Strain is attracting much interest as a mean to tune the properties of thin exfoliated two-dimensional materials and their heterostructures. Numerous devices to apply tunable uniaxial strain are proposed in the literature, but only few for biaxial strain, often with a trade-off between maximum strain and uniformity, reversibility, and device size. We present a compact device that allows for the controlled application of uniform in-plane biaxial strain, with maximum deformation and uniformity comparable to those found in much larger devices. Its performance and strain uniformity over the sample area are modeled using finite element analysis and demonstrated by measuring the response of exfoliated 2H–MoS2 to strain by Raman spectroscopy.
I. INTRODUCTION
Strain engineering is one of the key strategies to boost the performance of the latest generation transistors.1 Beyond performance, tunable properties are paramount to functional electronic devices. In this context, strain is becoming increasingly fashionable to tune the optical and electronic properties of contemporary materials and devices. Strain is of particular interest in low-dimensional materials, starting with graphene2 and transition metal dichalcogenides (TMDs).3,4 The ability to exfoliate these materials into single unit-cell thin crystals and their controlled stacking promote an entirely new approach to material synthesis and functional device assembly.5,6 Their stretchability makes them particularly susceptible to tune their optical and electromagnetic properties by means of controlled strain.

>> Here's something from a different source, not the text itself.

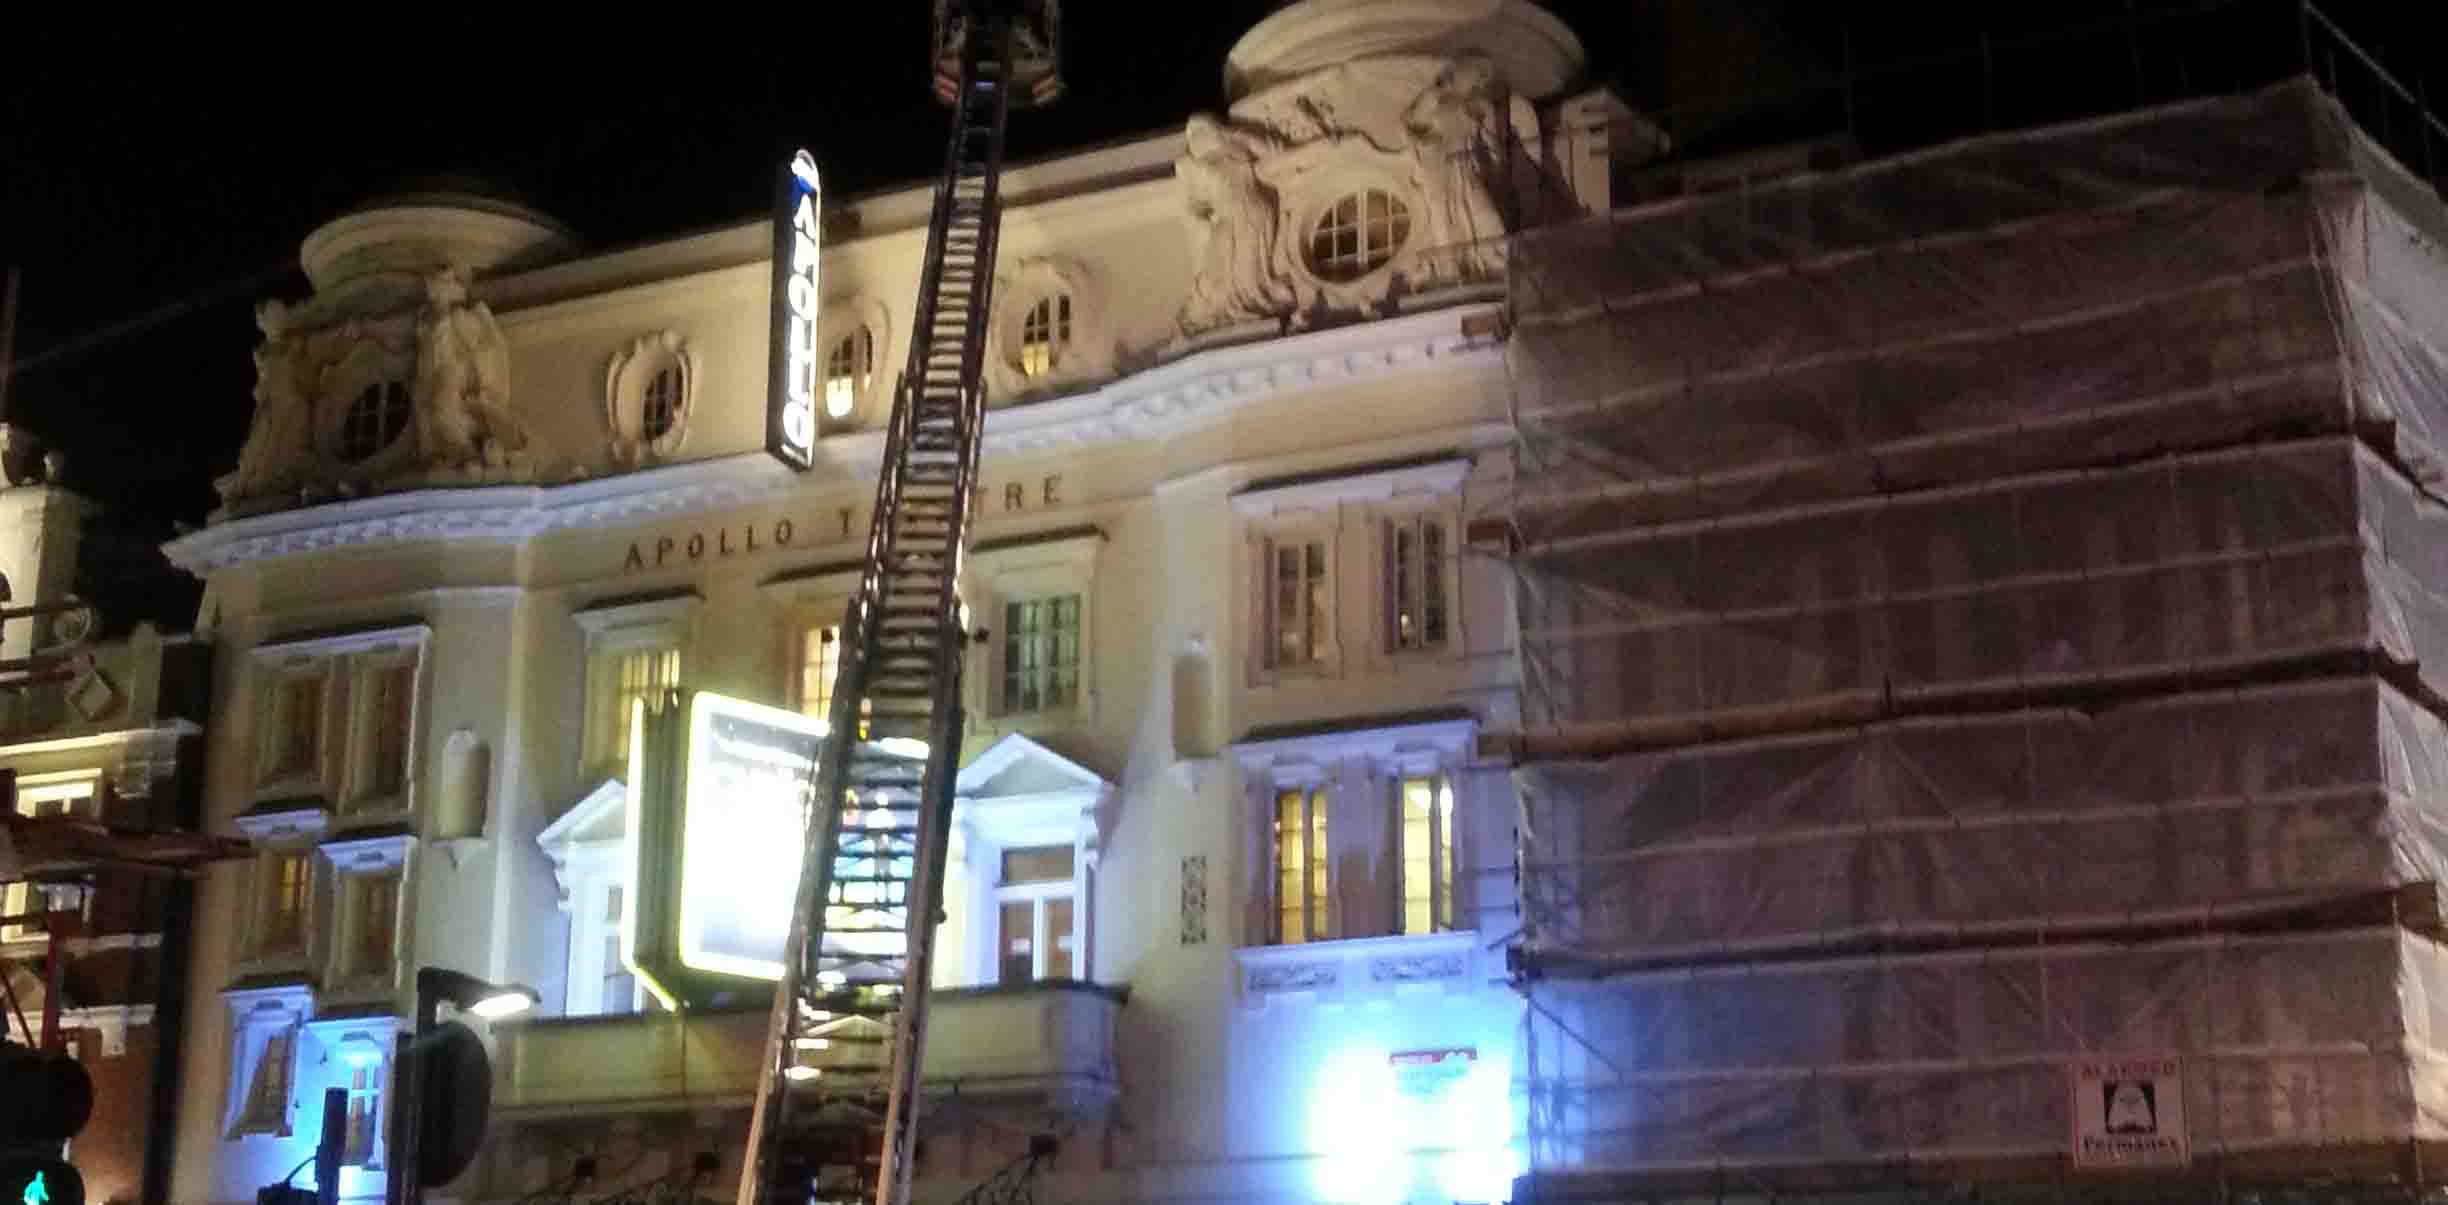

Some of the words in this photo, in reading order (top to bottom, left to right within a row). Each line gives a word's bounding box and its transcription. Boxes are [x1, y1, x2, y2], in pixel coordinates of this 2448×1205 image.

[782, 193, 817, 449] APOLLO
[624, 517, 793, 569] APOLLO
[839, 473, 1062, 536] TTRE

Strain can be directly embedded into the material or device during its synthesis through an appropriate choice of growth conditions or by combining lattice mismatched materials.7,8 However, this approach only offers a limited number of possibilities and does not enable any post-fabrication adjustments of the strain. To this end, a number of mechanical devices have been developed to apply tunable strain. They include mounting the sample between movable anvils9–11 and mounting it on a bending12–14 or stretching15 beam or directly onto a piezoelectric crystal.7
II. BIAXIAL STRAIN DEVICE
We present a device to apply tunable biaxial strain in a confined space by the controlled bending of a thin substrate. The bending force is applied by means of a pusher actuated by a screw. Our device features two innovations: we introduce a four-points pusher (Fig. 2) that yields a larger region of uniform biaxial strain at the center of the substrate than the single point pushers commonly found in the literature. However, the strain induced at the center of a simple cruciform substrate is smaller with the four-points pusher than with a single point one for the same displacement. To compensate for this reduction, we designed a more elaborate substrate shape where, instead of a simple cruciform shape consisting of two orthogonally intersecting rectangular beams, the inner corners of a standard cross are reinforced with four large radius profiles.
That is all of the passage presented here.